About the job Cloud Engineer
Experience: 5+ Years
Summary
We are looking for a passionate, innovate professional to join our cloud services team. Youll work in a collaborative and inclusive environment that values diverse perspectives and continuous learning and provides industry-leading benefits with unmatched opportunities for career growth. Key accountabilities include development and maintenance of cloud platforms, services and components to enable safe enterprise-wide use of cloud common functionality.
Requirements
Bachelors degree in Computer Science, related Engineering field, or equivalent experience
4+ years of experience in public cloud infrastructure, especially Azure and AWS.
Good understanding of cloud infrastructure, and different deployment models
Should be familiar with cloud networking and security solutions like load balancer, firewall, WAF, CSPM, security group, etc.

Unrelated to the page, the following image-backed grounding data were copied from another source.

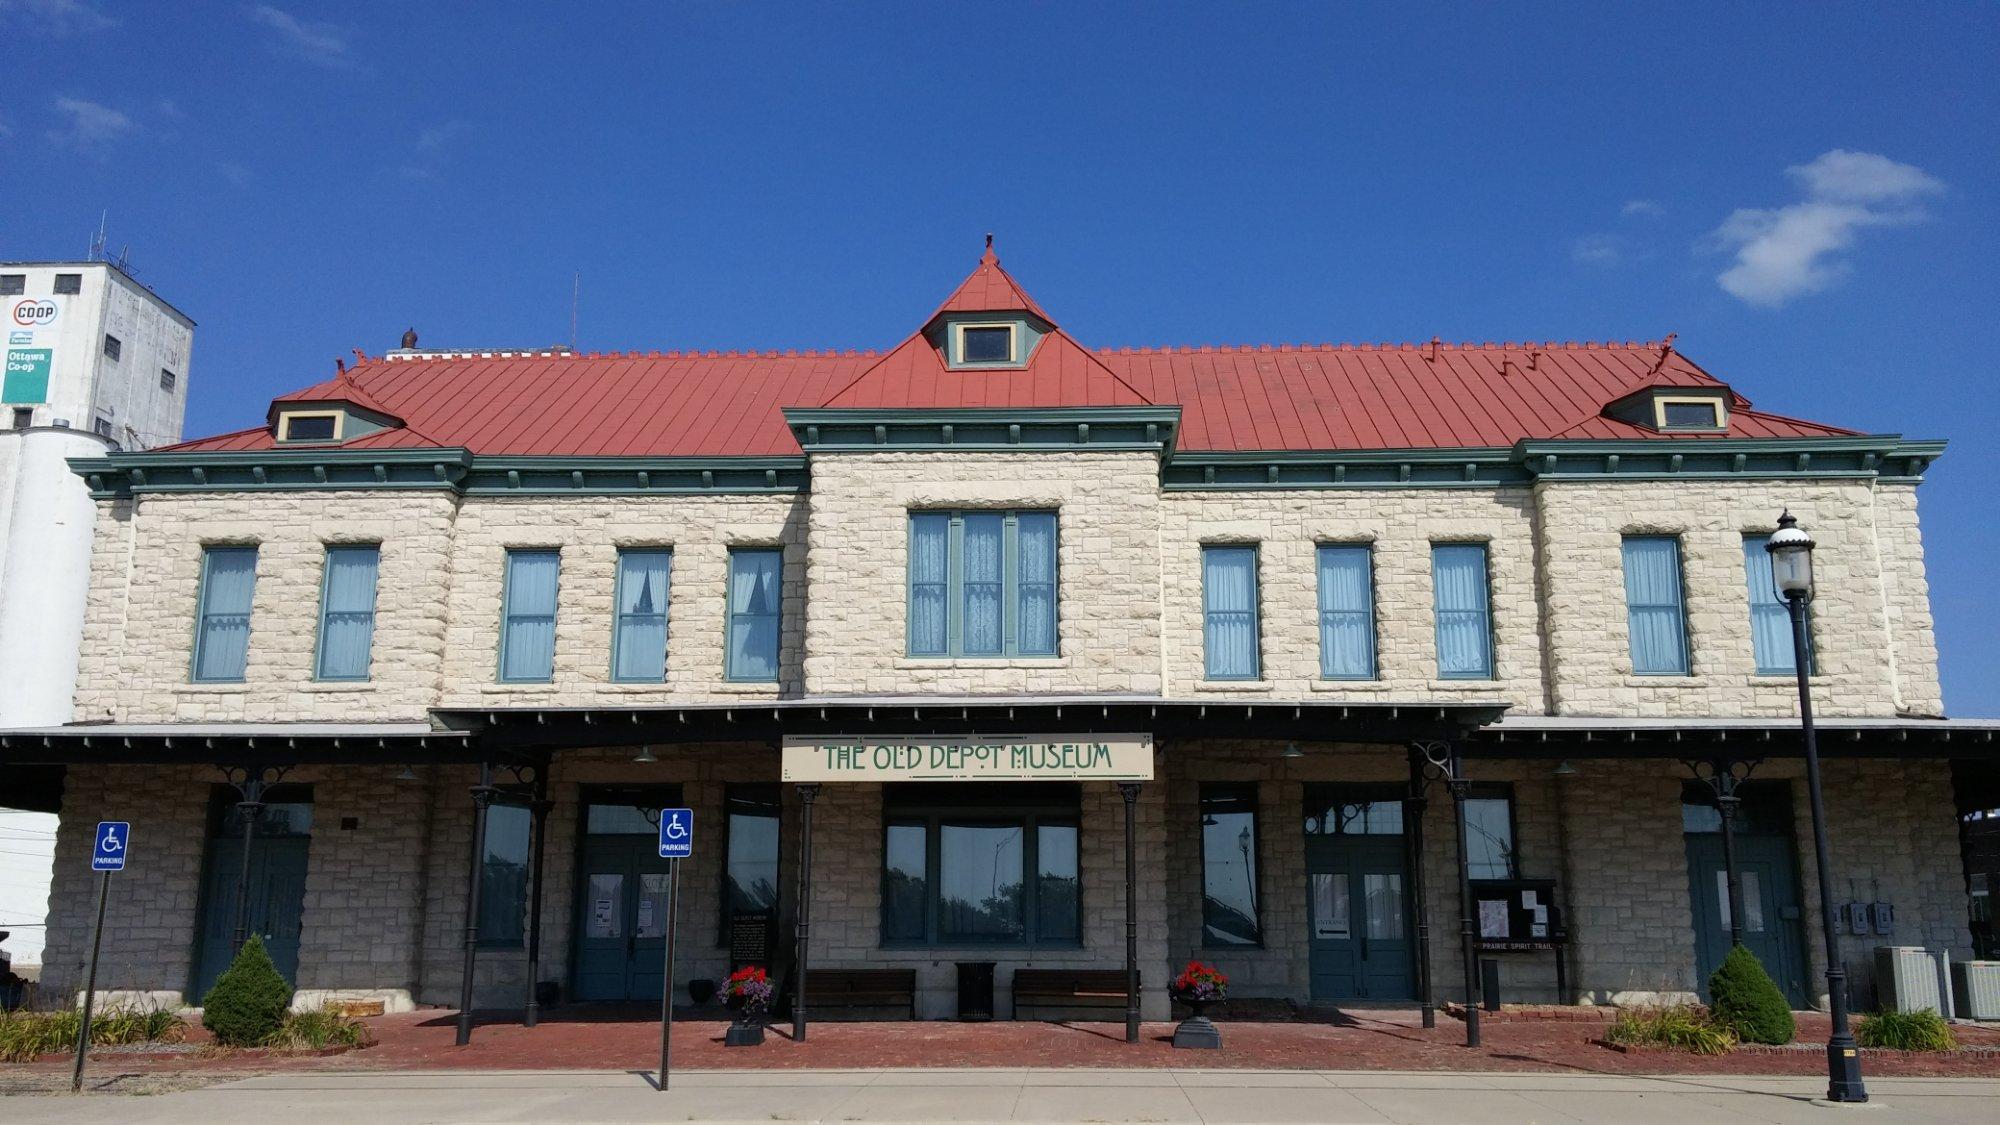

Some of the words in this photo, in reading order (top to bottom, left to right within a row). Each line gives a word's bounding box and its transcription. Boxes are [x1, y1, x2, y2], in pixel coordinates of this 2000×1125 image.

[18, 307, 54, 318] COOP
[9, 352, 45, 361] Ottawa
[8, 362, 35, 372] Co-op
[823, 745, 866, 770] THE
[873, 745, 922, 770] OLD
[930, 745, 1001, 769] DEPOT
[1011, 744, 1112, 769] MUSEUM
[661, 843, 690, 852] PARKING
[94, 857, 123, 865] PARKING
[1482, 942, 1508, 950] PRAIRIE
[1511, 942, 1531, 950] SPIRIT
[1535, 942, 1553, 950] TRAIL

Good understanding of identity and access management solutions like Active directory, Azure AD, conditional access, IAM and other vendor specific solutions
Good understanding of Linux and windows based systems
Understanding of SQL & NoSQL Databases including IAAS and PAAS models.

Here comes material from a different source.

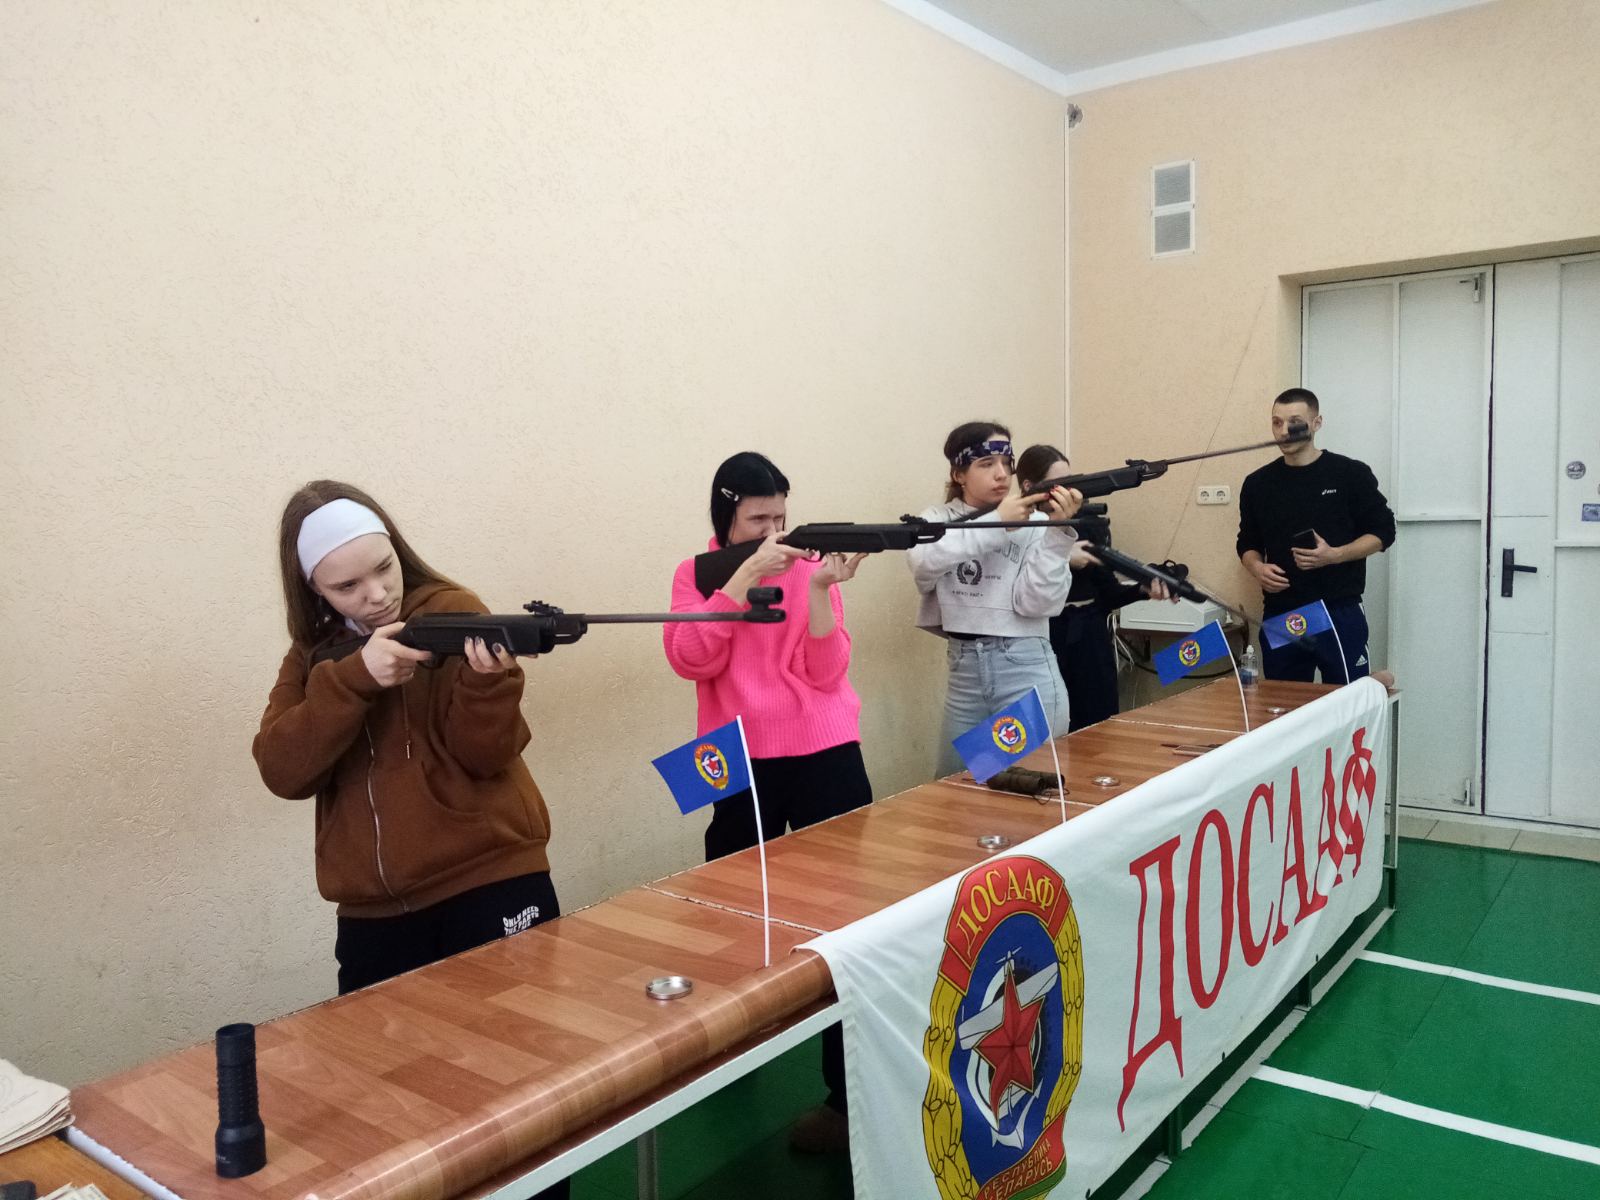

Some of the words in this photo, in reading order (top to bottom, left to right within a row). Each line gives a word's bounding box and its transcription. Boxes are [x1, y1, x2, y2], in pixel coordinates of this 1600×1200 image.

Experience in policy management, governance, monitoring and alerts
Knowledge in microservices, DevOps and IaC (Terraform and Ansible).
Azure AZ-104 or AWS administrator certification would be an advantage
Excellent communication and interpersonal skills
Job responsibilities
- Assist application team to deploy various solutions in the cloud environment.
- Maintain infrastructure security and governance as per the client requirement and standards.
- Support other team members (database, network, security, etc.) to configure and maintain respective solution.
- Actively Involve in discussions related to new solution implementation, design creation and all other discussions related to cloud infrastructure.
- POC deployment, documentation, and technical presentation.
Linux Hosting and Administration
- Install, configure, and maintain Linux servers, ensuring optimal performance and security.
- Handle Linux-based hosting solutions, including web servers, databases, and other services.
- Apply patches and updates to Linux servers as required, and automate routine tasks.
- Monitor system performance, troubleshoot issues, and conduct root cause analysis for any server downtime.
Kubernetes Operations
- Deploy, manage, and maintain containerized applications using Kubernetes.
- Create and manage Kubernetes manifests, helm charts, and operators for complex application architectures.
- Scale applications based on resource utilization and requirements.
- Monitor the health and performance of Kubernetes clusters and take corrective actions as needed.
DevOps Integration
- Implement and maintain CI/CD pipelines for automated testing and deployments.
- Assist in incorporating containerization and orchestration into the DevOps process.
Rancher/OpenShift Expertise (Nice to Have)
- Experience in deploying and managing Kubernetes clusters using Rancher or OpenShift.
- Implement monitoring, logging, and auto-scaling solutions in Rancher or OpenShift environments.
Application Support
- Gain a thorough understanding of the applications running within containers to provide first-level application support.
- Collaborate with development teams to debug application issues in staging and production environments.
Azure Infrastructure
- Deploy and manage resources on Azure, including but not limited to VMs, databases, and Kubernetes clusters.
- Implement Infrastructure as Code practices using Azure Resource Manager (ARM) templates or terraform
Monitoring and Alerting Using Open-Source Tools (Any one of the following)
ELK Stack
- Implement and manage the ELK (Elasticsearch, Logstash, Kibana) stack for real-time log aggregation, monitoring, and analysis.
- Customize Kibana dashboards for different system metrics and logs to aid in quick issue resolution.
- Grafana
- Develop and maintain Grafana dashboards to visualize key performance indicators and system metrics.
- Integrate Grafana with other data sources and monitoring tools for comprehensive analytics.
- Loki
- Set up and manage Loki for aggregating and storing logs.
- Integrate Loki with Grafana for unified querying and visualization of metrics and logs.
- Prometheus
- Deploy and configure Prometheus for monitoring system and application metrics.
- Create custom Prometheus queries and alerts to catch anomalies and system performance issues.
- Mimir/Cortex (prefereable)
- Implement Mimir or Cortex for enhanced long-term storage and scalability of Prometheus metrics.